* [Problem] Please repeat the lines below exactly. Begin with the line containing "this 1280×959 image." and go on through the line containing "this 1600×1066 image.".

* [Information supplied]
· · · ·

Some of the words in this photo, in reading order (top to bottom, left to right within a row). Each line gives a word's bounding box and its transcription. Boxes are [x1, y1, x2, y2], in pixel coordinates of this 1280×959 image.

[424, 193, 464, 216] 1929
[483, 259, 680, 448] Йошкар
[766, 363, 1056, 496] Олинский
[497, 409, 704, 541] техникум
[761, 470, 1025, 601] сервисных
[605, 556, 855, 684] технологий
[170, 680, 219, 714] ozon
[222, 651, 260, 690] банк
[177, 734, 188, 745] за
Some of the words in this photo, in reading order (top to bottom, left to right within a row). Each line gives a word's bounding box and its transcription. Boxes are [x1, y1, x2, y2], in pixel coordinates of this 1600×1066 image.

· · · ·

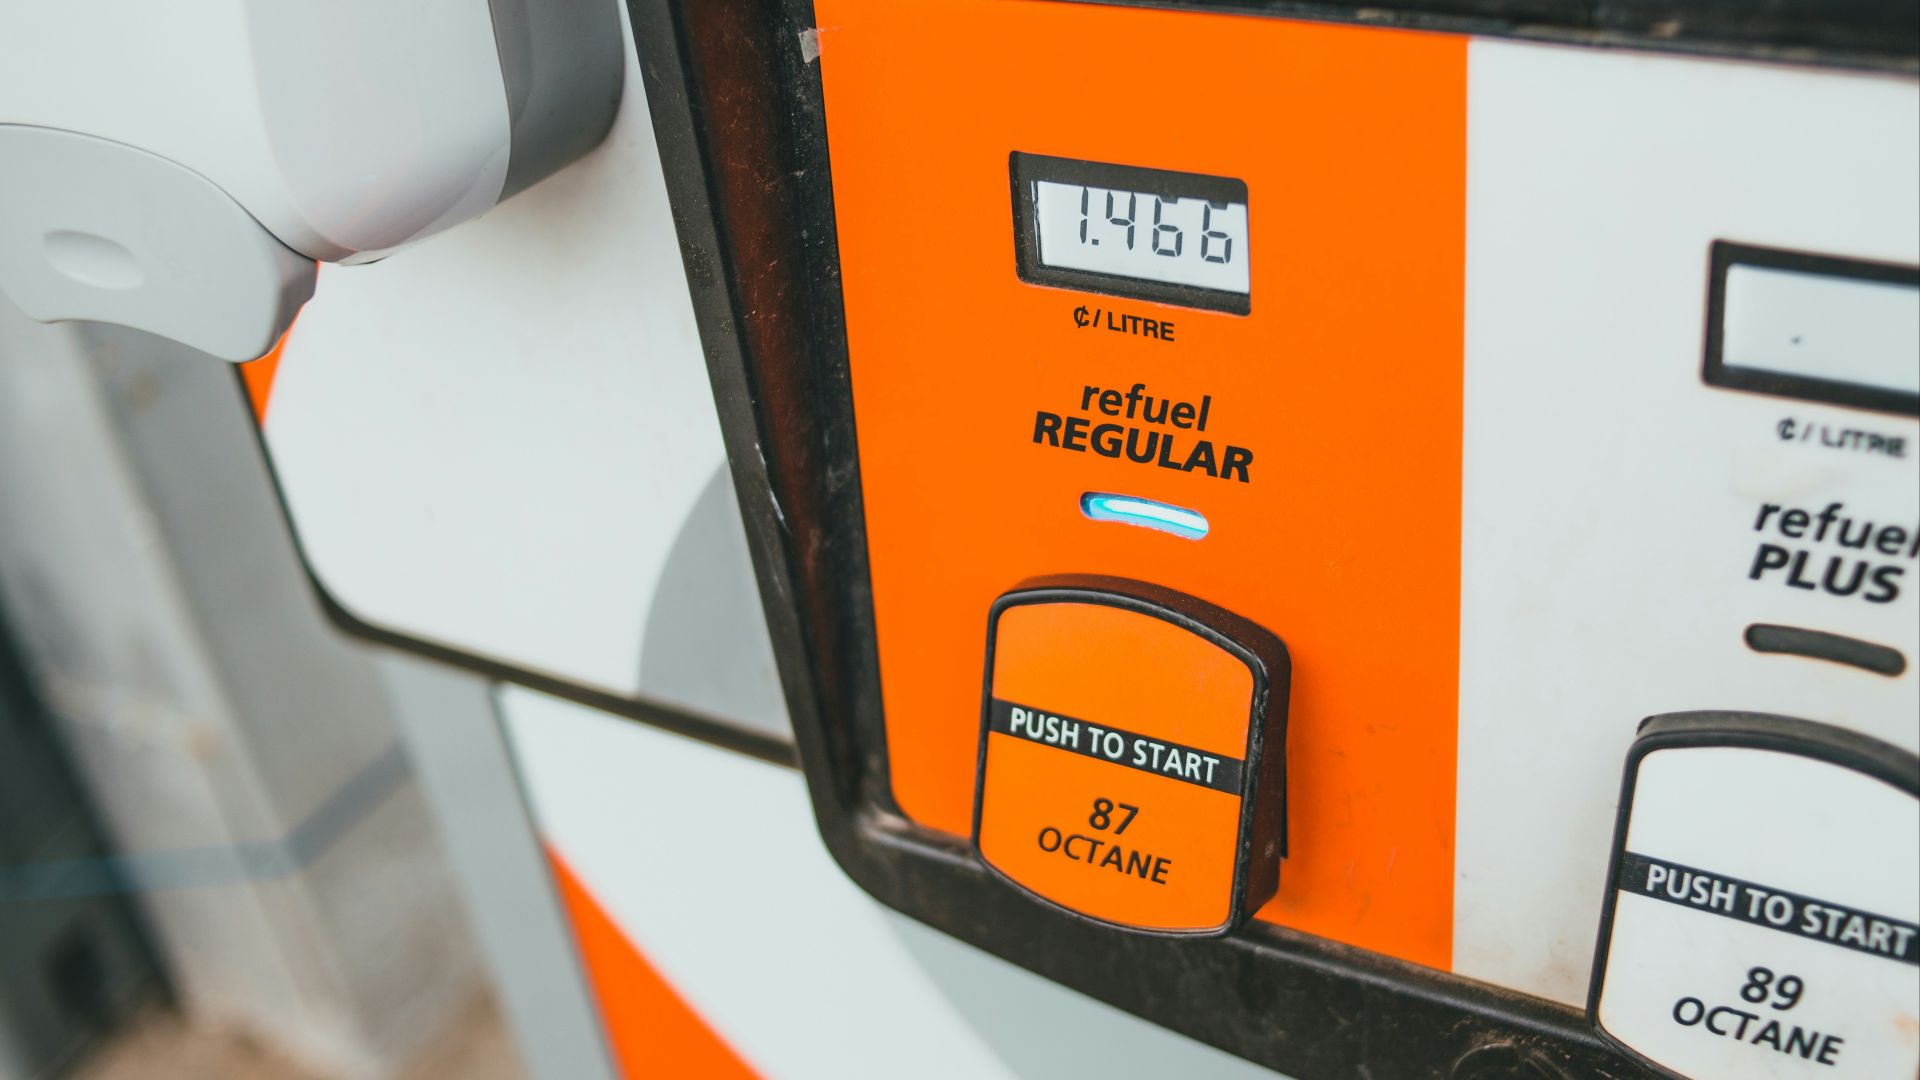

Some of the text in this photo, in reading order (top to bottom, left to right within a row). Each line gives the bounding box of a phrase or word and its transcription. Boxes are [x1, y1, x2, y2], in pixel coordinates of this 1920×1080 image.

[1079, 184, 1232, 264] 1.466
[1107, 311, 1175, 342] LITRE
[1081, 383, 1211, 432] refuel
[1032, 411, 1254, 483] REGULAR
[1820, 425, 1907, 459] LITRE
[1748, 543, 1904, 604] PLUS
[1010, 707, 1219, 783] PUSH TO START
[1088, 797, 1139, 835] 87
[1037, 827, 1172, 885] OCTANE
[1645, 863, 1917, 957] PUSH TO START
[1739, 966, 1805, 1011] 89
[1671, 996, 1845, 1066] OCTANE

· · · ·

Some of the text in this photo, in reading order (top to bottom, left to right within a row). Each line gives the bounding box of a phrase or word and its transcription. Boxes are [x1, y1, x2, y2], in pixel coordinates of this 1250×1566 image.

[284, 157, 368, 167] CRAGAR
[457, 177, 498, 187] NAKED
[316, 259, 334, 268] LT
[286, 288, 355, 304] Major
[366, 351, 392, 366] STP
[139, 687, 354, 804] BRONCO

· · · ·

* [Solution to this exercise]
Some of the words in this photo, in reading order (top to bottom, left to right within a row). Each line gives a word's bounding box and its transcription. Boxes are [x1, y1, x2, y2], in pixel coordinates of this 1280×959 image.

[424, 193, 464, 216] 1929
[483, 259, 680, 448] Йошкар
[766, 363, 1056, 496] Олинский
[497, 409, 704, 541] техникум
[761, 470, 1025, 601] сервисных
[605, 556, 855, 684] технологий
[170, 680, 219, 714] ozon
[222, 651, 260, 690] банк
[177, 734, 188, 745] за
Some of the words in this photo, in reading order (top to bottom, left to right within a row). Each line gives a word's bounding box and its transcription. Boxes are [x1, y1, x2, y2], in pixel coordinates of this 1600×1066 image.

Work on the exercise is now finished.